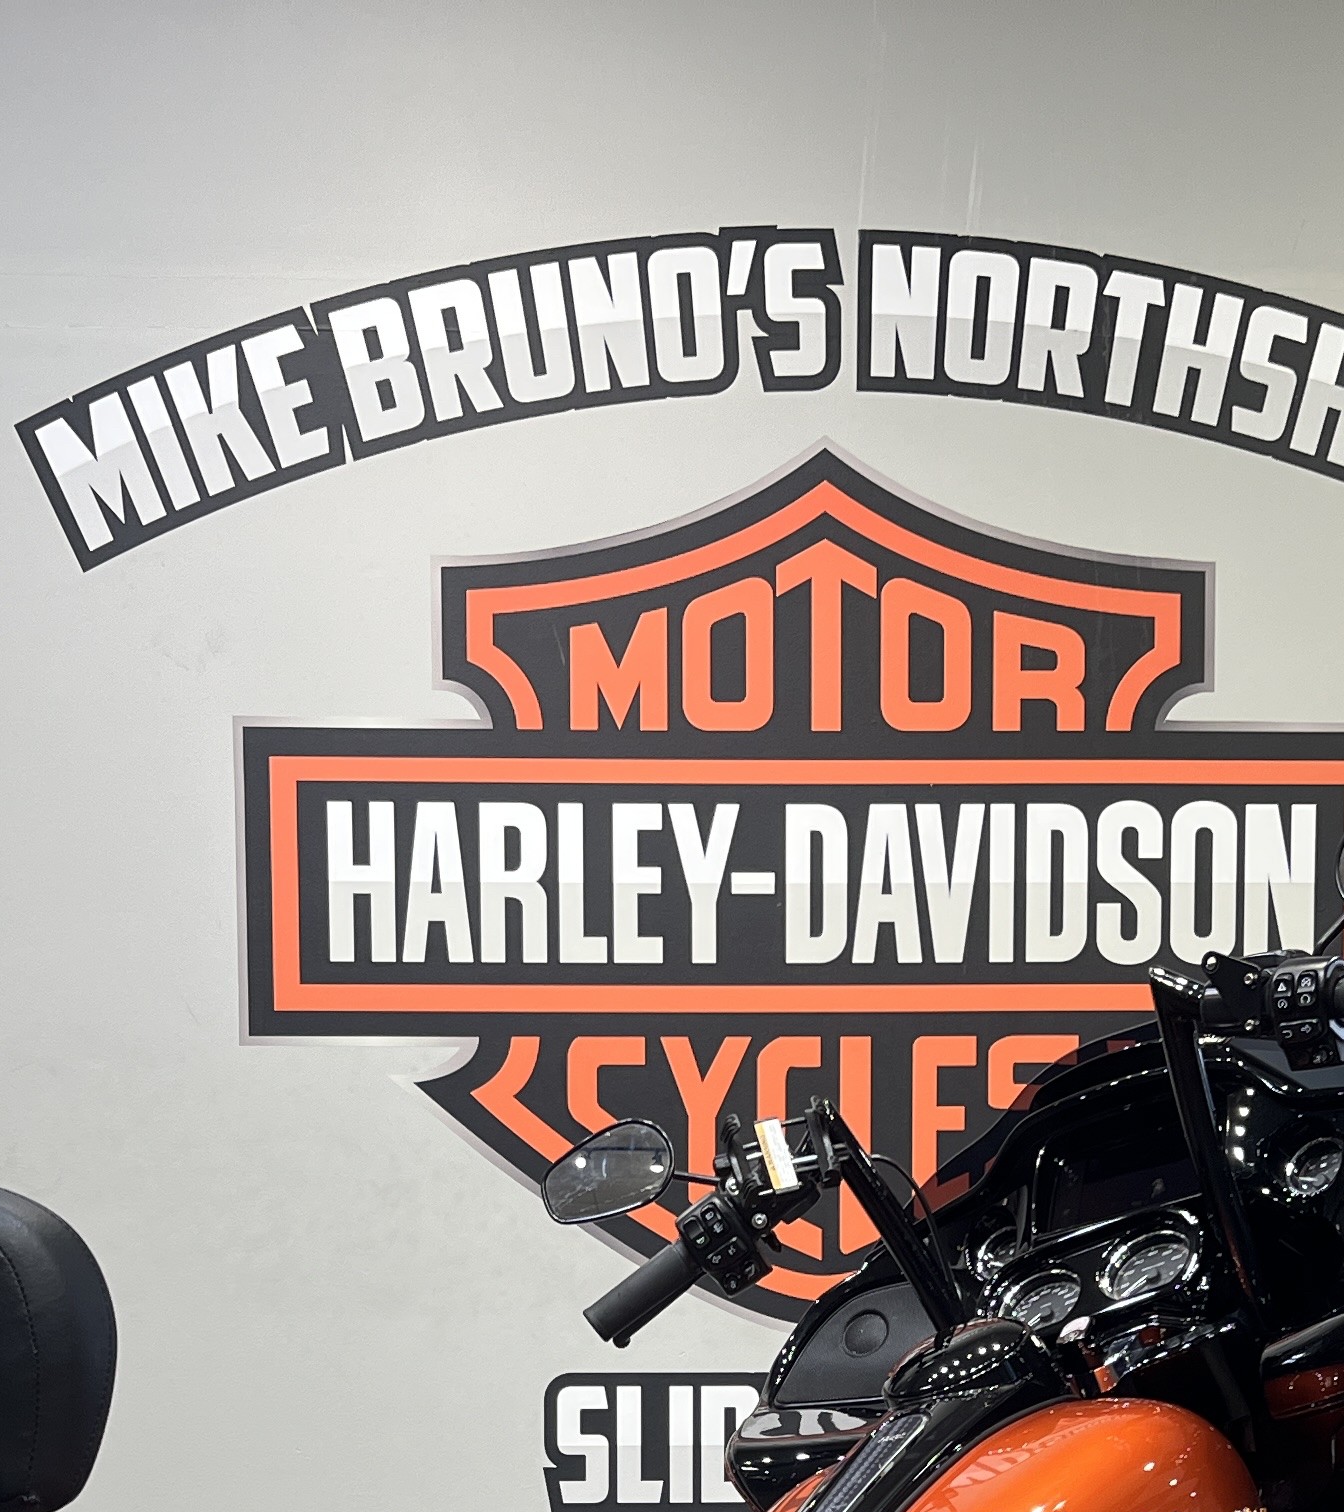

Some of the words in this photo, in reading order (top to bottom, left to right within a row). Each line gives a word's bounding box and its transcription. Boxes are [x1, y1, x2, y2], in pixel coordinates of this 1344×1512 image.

[35, 323, 330, 552] MIKE
[327, 240, 827, 443] BRUNO'S
[571, 539, 1085, 732] MOTOR
[326, 799, 1318, 966] HARLEY-DAVIDSON
* * * * * * * * *
- TASK DESCRIPTION
Repeat every entry exactly. Do not include the pictures.

- REPLY TO THE EXERCISE
Some of the words in this photo, in reading order (top to bottom, left to right within a row). Each line gives a word's bounding box and its transcription. Boxes are [x1, y1, x2, y2], in pixel coordinates of this 1344×1512 image.

[35, 323, 330, 552] MIKE
[327, 240, 827, 443] BRUNO'S
[571, 539, 1085, 732] MOTOR
[326, 799, 1318, 966] HARLEY-DAVIDSON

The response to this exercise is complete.